AbstractAging is a major risk factor for cardiovascular diseases. Our previous studies demonstrate that aging impairs the caveolar T‐type CaV3.2‐RyR axis for extracellular Ca2+ influx to trigger Ca2+ sparks in vascular smooth muscle cells (VSMCs). We hypothesize that the administration of senolytics, which can selectively clear senescent cells, could preserve the caveolar CaV3.2‐RyR axis in aging VSMCs. In this study, 10‐month‐old mice were administered the senolytics cocktail consisting of dasatinib (5 mg/kg) and quercetin (50 mg/kg) or vehicle bi‐weekly for 4 months. Using VSMCs from mouse mesenteric arteries, we found that Ca2+ sparks were diminished after caveolae disruption by methyl‐β‐cyclodextrin (10 mM) in cells from D + Q treated but not vehicle‐treated 14‐month‐old mice. D + Q treatment promoted the expression of CaV3.2 in 14‐month‐old mesenteric arteries.
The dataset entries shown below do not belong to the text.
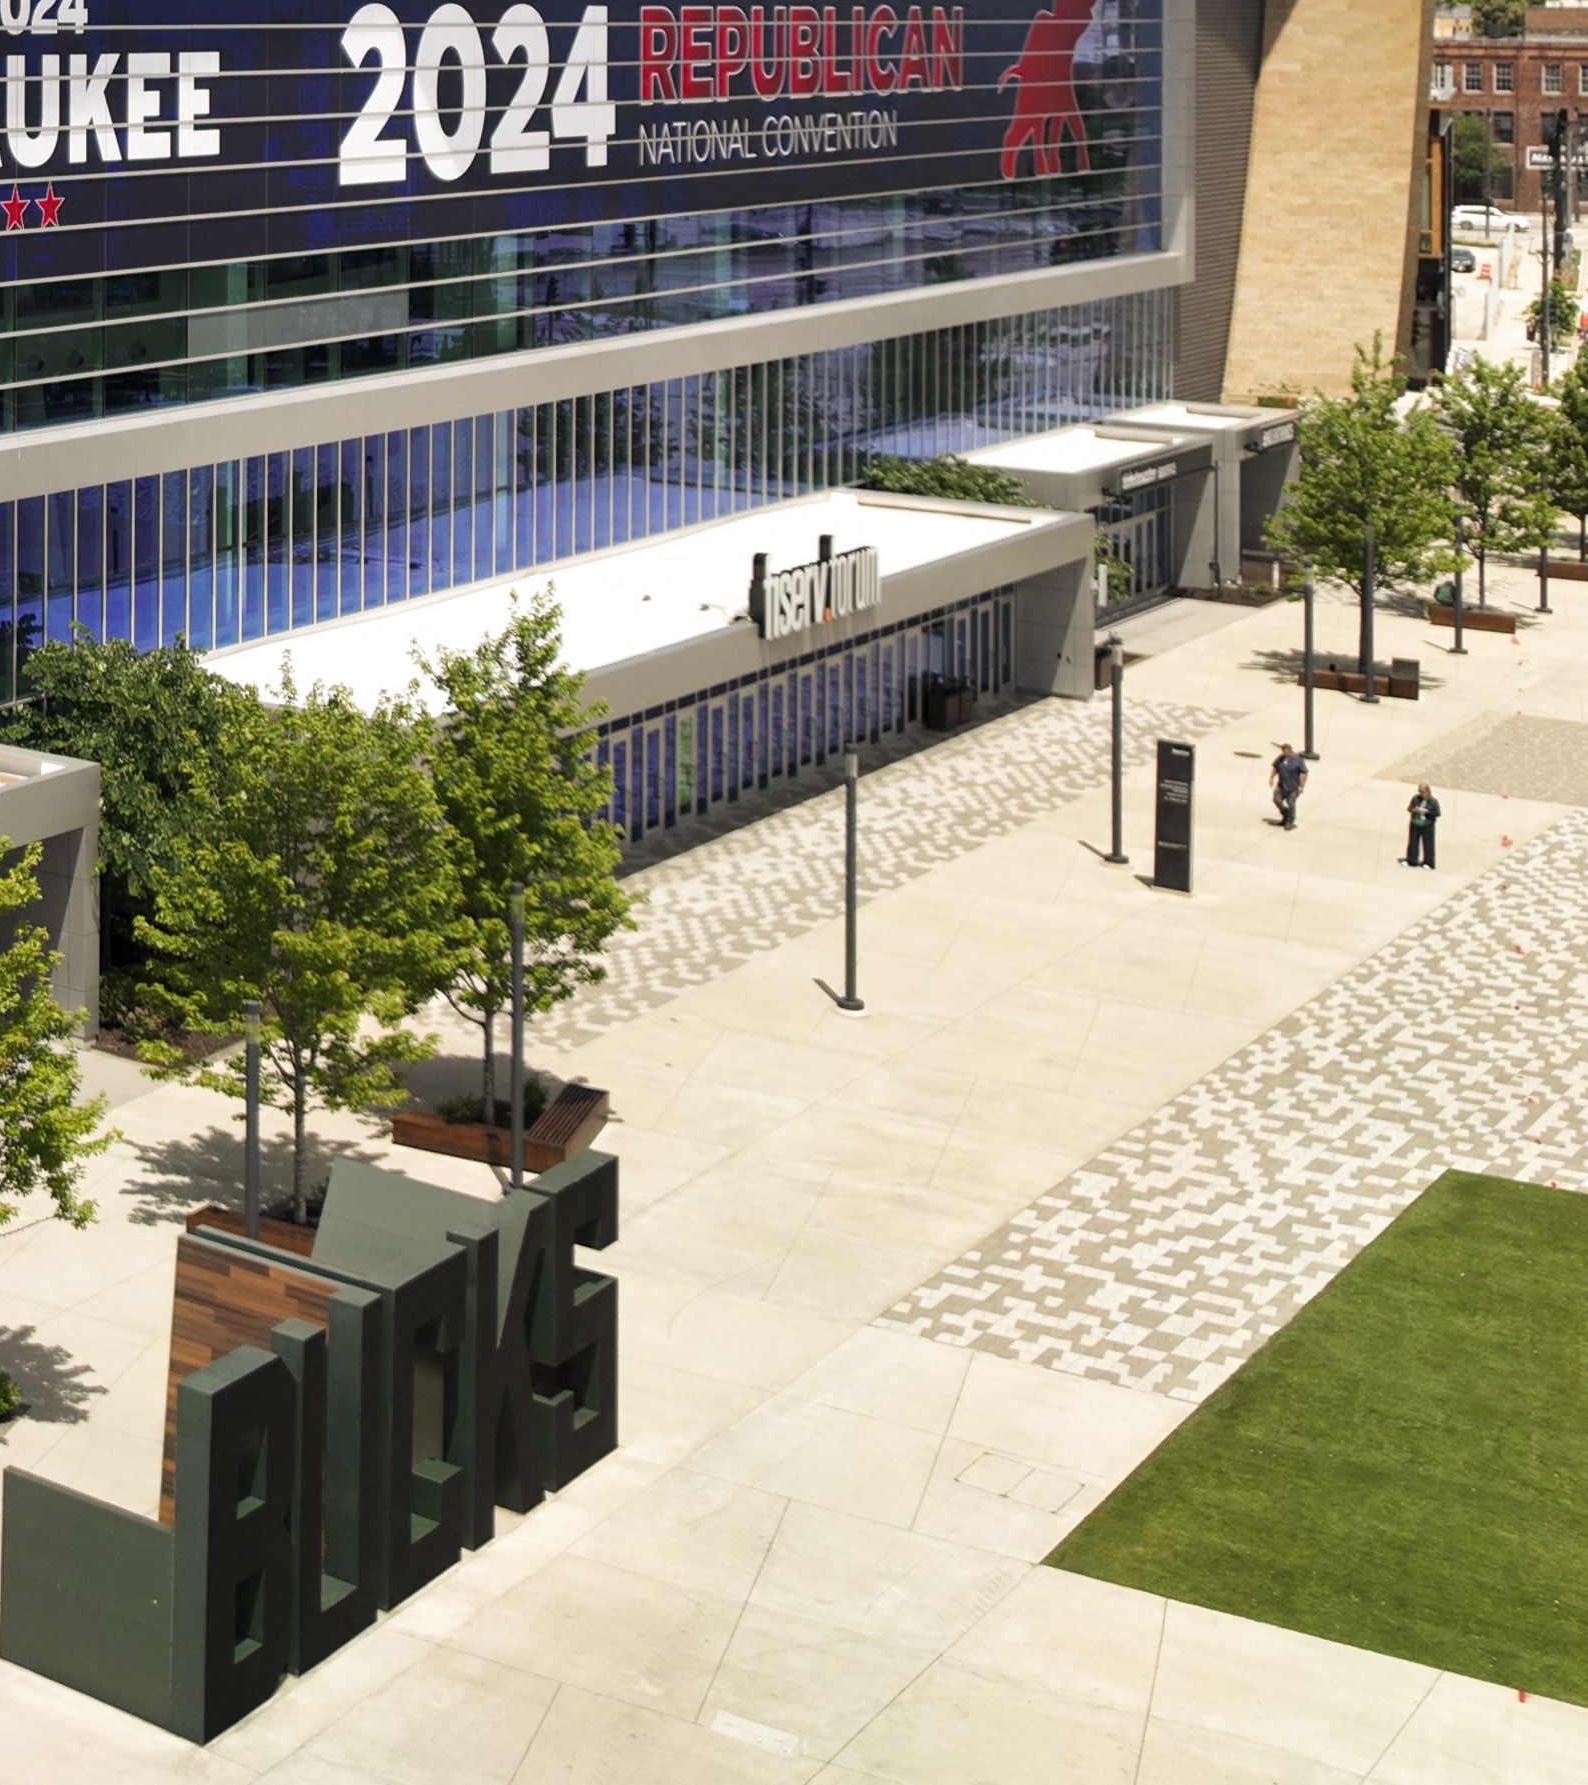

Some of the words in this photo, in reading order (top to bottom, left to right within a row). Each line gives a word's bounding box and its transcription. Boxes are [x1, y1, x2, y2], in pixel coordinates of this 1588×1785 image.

[337, 2, 616, 187] 2024
[638, 4, 964, 105] REPUBLICAN
[637, 120, 758, 167] NATIONAL
[761, 110, 898, 158] CONVENTION
[177, 1150, 620, 1744] BUCKS
Structural analysis using electron tomography and immunofluorescence staining revealed the remodeling of caveolae and co‐localization of CaV3.2‐Cav‐1 in D + Q treatment aged mesenteric arteries. In keeping with theoretical observations, Cav3.2 channel inhibition by Ni2+ (50 μM) suppressed Ca2+ in VSMCs from the D + Q group, with no effect observed in vehicle‐treated arteries. Our study provides evidence that age‐related caveolar CaV3.2‐RyR axis malfunction can be alleviated by pharmaceutical intervention targeting cellular senescence. Our findings support the potential of senolytics for ameliorating age‐associated cardiovascular disease.